There are good sons and daughters who stay the course and are reliable. They remain at home hoping for a change in their parents' behavior.
Is it conditioning, wishful thinking, or luck of the draw that one child becomes strong and reliable while others fade into the background, or lost to drugs and alcohol?
Sunday, November 13, 2005
How do we find and cultivate meaningful and lasting friendships? I attended the same grade where one of my aunts was an administrative assistant, and about seventy percent of the children’s parents knew each other because they, too, played out a similar awkward drama as classmates when they were children and young adults.
I remember discussions and gossip around my grandmother or mother’s house about who was who in my class and school. I don’t think I felt the tug of loyalty and friendship until junior high. While in elementary, I didn’t really spend time with anyone away from school. I went to school with my cousins and aunt, performed in the glee club, and did my homework.
I remember the names of all my teachers back then, some fondly, others I’d just as soon forget. My kindergarten teacher many years later, and in another school district was my youngest brother’s teacher. I think my mother came to school in first grade because the teacher paddled me. A big no-no as far as my mother was concerned. No one should be hitting on her child! It was her job to chastise me.
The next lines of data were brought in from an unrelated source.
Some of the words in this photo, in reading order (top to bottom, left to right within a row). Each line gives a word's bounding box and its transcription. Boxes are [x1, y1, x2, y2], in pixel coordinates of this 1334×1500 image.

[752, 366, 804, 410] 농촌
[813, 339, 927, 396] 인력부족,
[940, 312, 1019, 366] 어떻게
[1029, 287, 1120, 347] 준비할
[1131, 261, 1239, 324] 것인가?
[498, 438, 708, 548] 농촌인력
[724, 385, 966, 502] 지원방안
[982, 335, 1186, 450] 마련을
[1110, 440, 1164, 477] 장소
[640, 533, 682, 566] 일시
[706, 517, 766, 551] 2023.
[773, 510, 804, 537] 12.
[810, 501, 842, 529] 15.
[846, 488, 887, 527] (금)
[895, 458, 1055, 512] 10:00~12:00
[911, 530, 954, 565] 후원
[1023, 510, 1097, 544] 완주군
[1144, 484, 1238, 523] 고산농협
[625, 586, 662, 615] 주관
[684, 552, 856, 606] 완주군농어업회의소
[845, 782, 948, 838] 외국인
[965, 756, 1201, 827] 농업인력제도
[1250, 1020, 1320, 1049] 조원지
My second grade teacher made the biggest impression on me and other classmates. She enjoyed teaching, and I’ll always be grateful for that. I think we were group academically by second grade. I didn’t care much for my third grade teacher. I think we’d developed a reputation for being rowdy by third grade, and accused of killing our fourth grade teacher within the first few weeks of the new school year. We were called brats, little terrors, and it was difficult finding a substitute or replacement teacher for our class after the original teacher had a heart attack. However long after the death and readjustment, our second grade teacher became our fourth grade teacher – hooray!
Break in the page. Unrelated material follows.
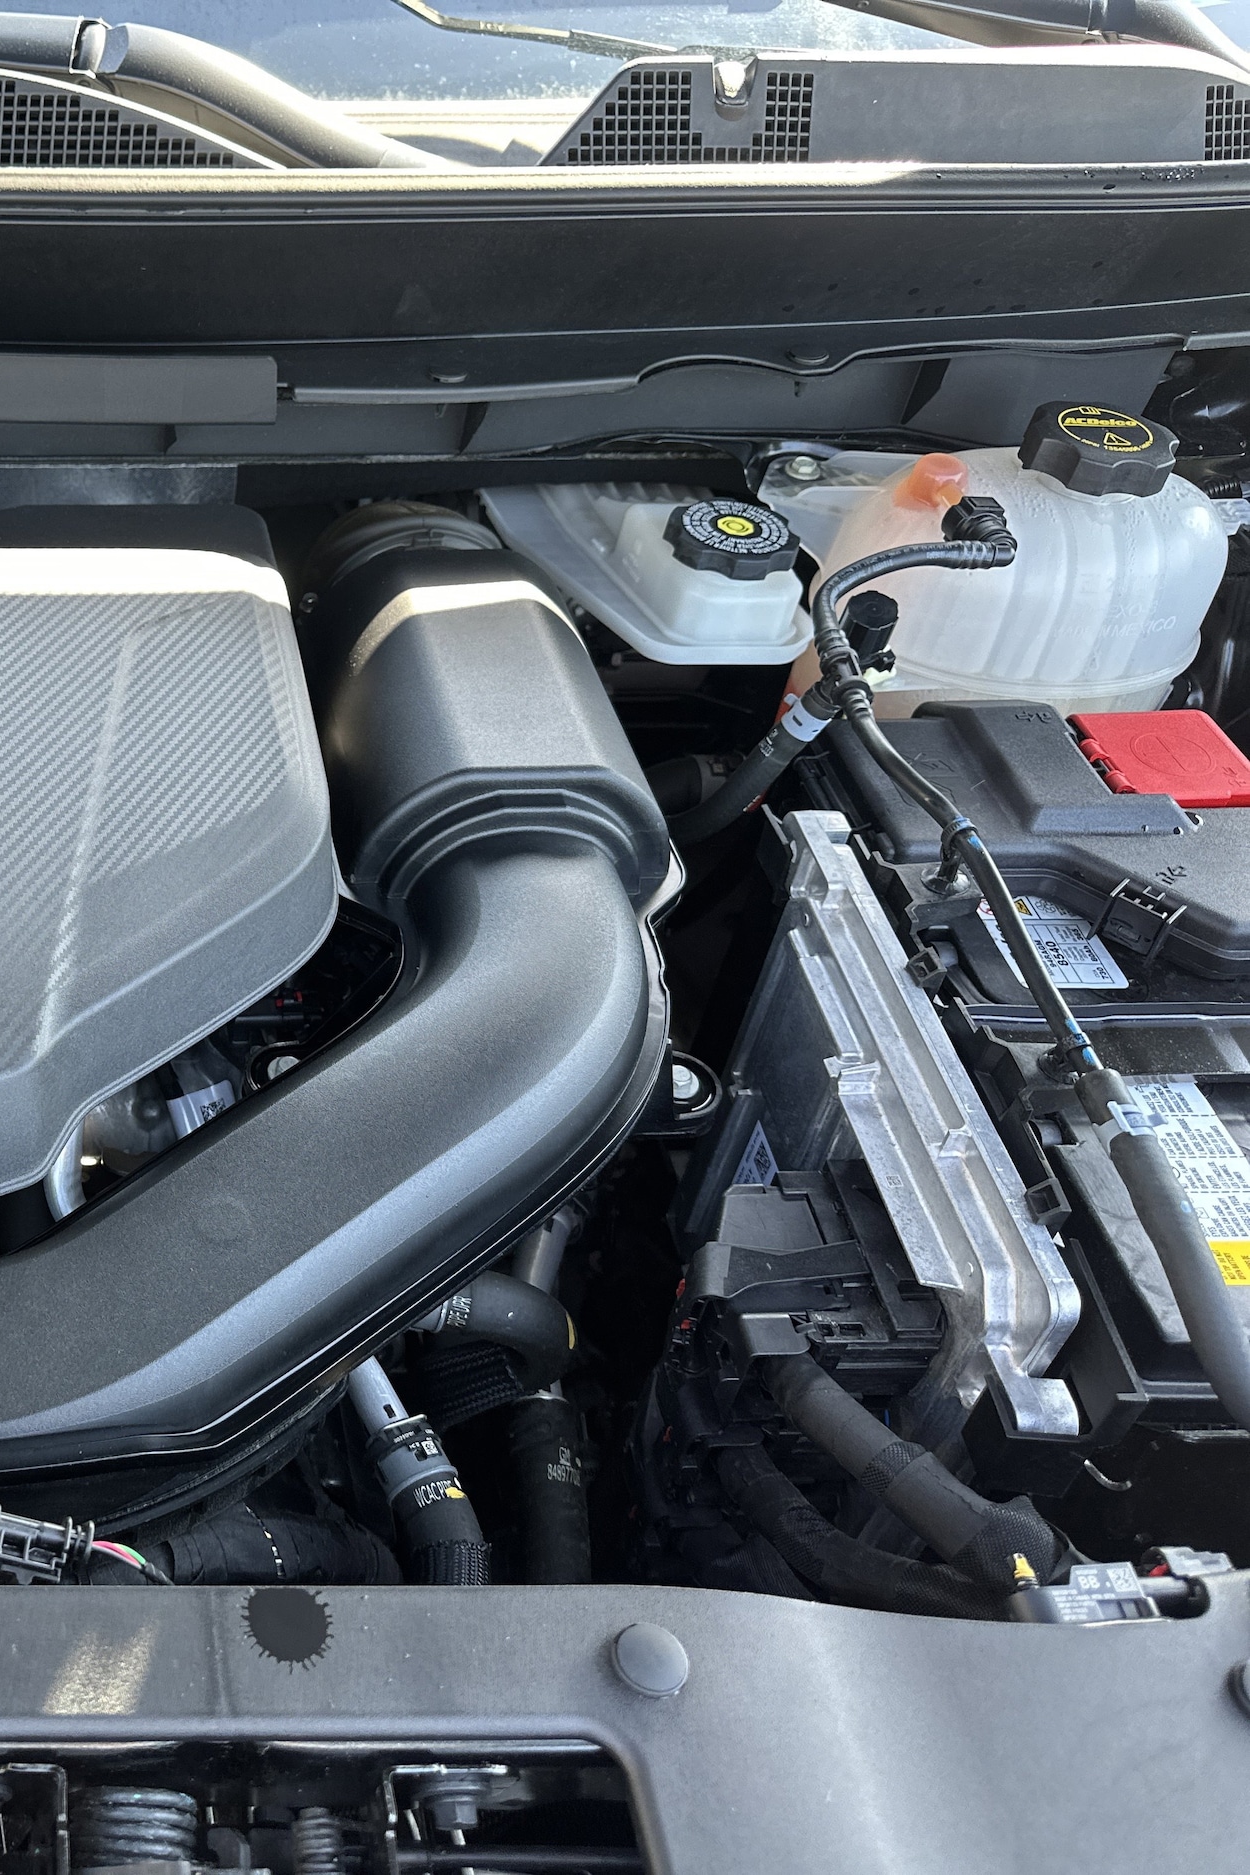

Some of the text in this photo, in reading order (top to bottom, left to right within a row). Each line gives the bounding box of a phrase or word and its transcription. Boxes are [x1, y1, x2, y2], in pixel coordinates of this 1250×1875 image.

[1064, 417, 1138, 427] ACDelco
[1046, 941, 1068, 966] 8540
[413, 1482, 441, 1508] WCAC
[1077, 1575, 1100, 1589] BB
My fifth grade teacher and I weren’t mortal enemies, nor were we cordial. She’d proudly display on her chest hair between her breasts. She was definitely masculine, and any male child she deemed not as masculine as should be, and masculine as she was, she wasted no time in telling the offending boy. For once, I loved my mother’s bravado. The fifth grade teacher was fond of punching the boys in their chest or arms when they committed an infraction. I was untouchable! Had I done anything, under no circumstances was she to discipline me, but rather tell my aunt who’d in turn tell my mother. I didn’t get into trouble that entire year, and I thoroughly enjoyed her frustration in not being able to toughen me up.
I came into my own in junior high, after having attempted and failed at puppy love in fifth grade with one of the prettiest girls in class. Junior high was my foray into leading theatrical roles, public speaking, emceeing school beauty pageants, my first awkward kiss with a girl in braces, and academic excellence. It was in sixth grade that I learned not to be a divo. I had the starring role in the original law week play, and one afternoon during a ‘free period’ in Social Studies (honors) class, the then director sent for me to come to rehearsal. In my mind back then, I felt there was no way I was going to give up a ‘free day’ in any class to go rehearse – that was work.
I thought: I’m the star of the play, he needs me. He’ll wait until after school. He sent for me two or three more times, and if memory serves me correctly, the bear of a director personally came for me. “Little man, come on now. We need to rehearse.”
I didn't budge. A lesser actor replaced me. I sat in the audience on the day of the performance and watched as he butchered a role that had been originally mine.